* [WHAT NEEDS TO BE DONE]:
Text only, exactly as given: reproduce the entries below without their pictures.

[[ MATERIAL FOR THIS EXERCISE open ]]

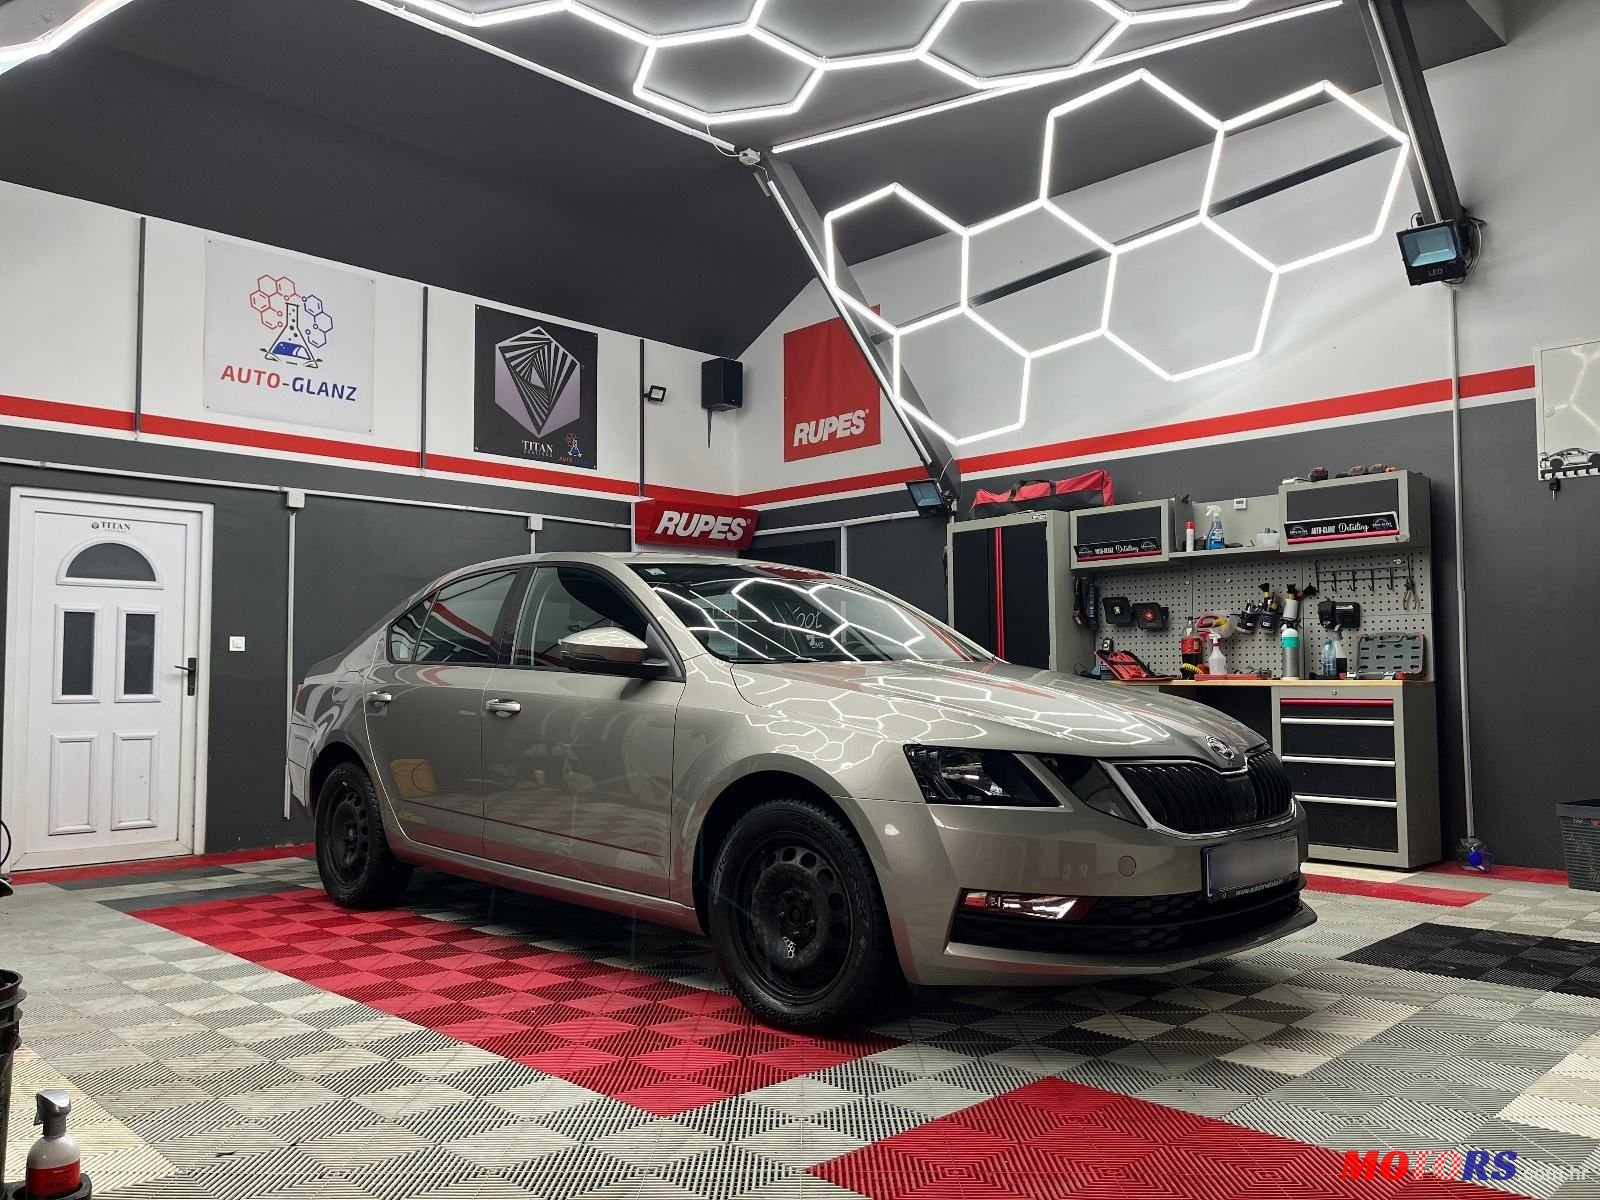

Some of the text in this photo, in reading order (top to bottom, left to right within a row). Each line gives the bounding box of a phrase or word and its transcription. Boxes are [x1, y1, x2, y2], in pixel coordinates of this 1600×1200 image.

[1428, 268, 1443, 276] LED
[220, 365, 358, 402] AUTO-GLANZ
[521, 440, 553, 453] TITAN
[101, 521, 130, 530] TITAN
[1338, 522, 1370, 533] Detailing
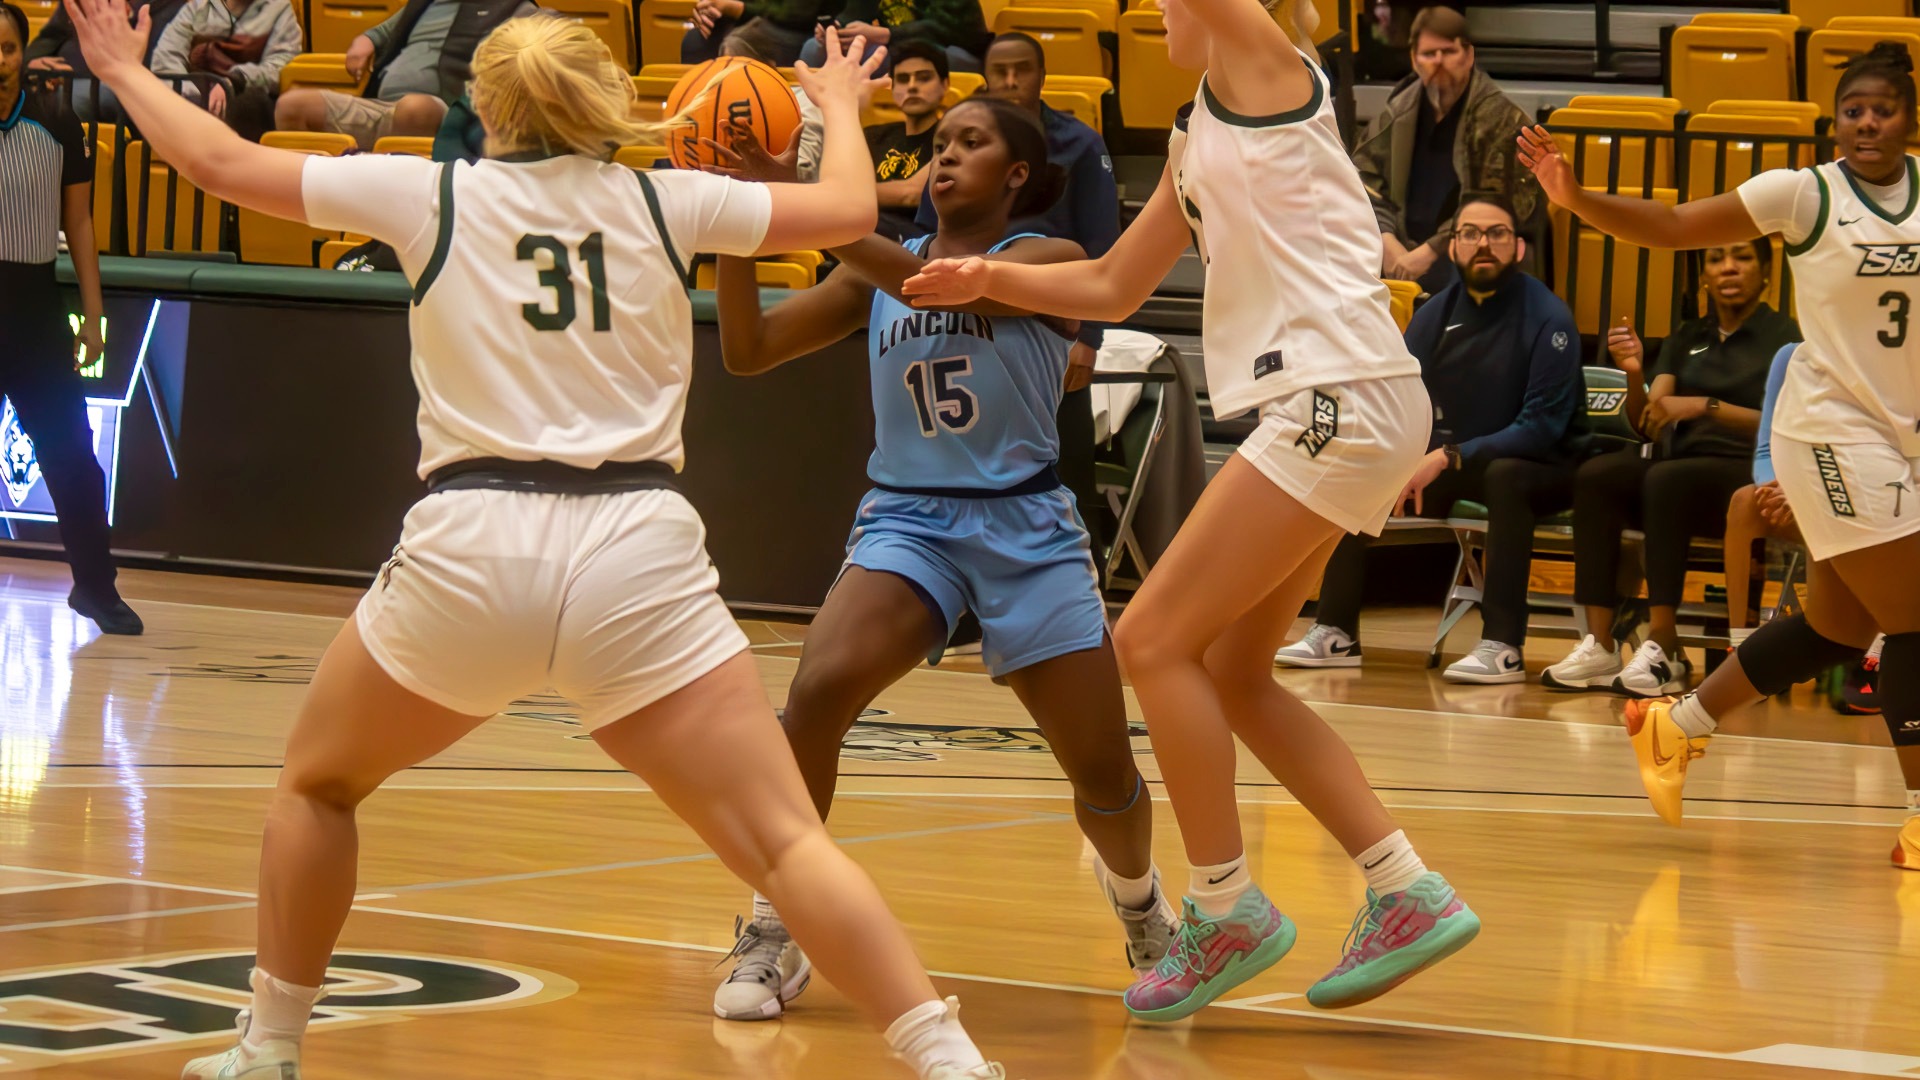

[[ MATERIAL FOR THIS EXERCISE closed ]]

* [RESPONSE TO THIS EXERCISE]:
Some of the text in this photo, in reading order (top to bottom, left to right within a row). Each line gives the bounding box of a phrase or word and its transcription. Boxes are [x1, y1, x2, y2], in pixel coordinates of this 1600×1200 image.

[1428, 268, 1443, 276] LED
[220, 365, 358, 402] AUTO-GLANZ
[521, 440, 553, 453] TITAN
[101, 521, 130, 530] TITAN
[1338, 522, 1370, 533] Detailing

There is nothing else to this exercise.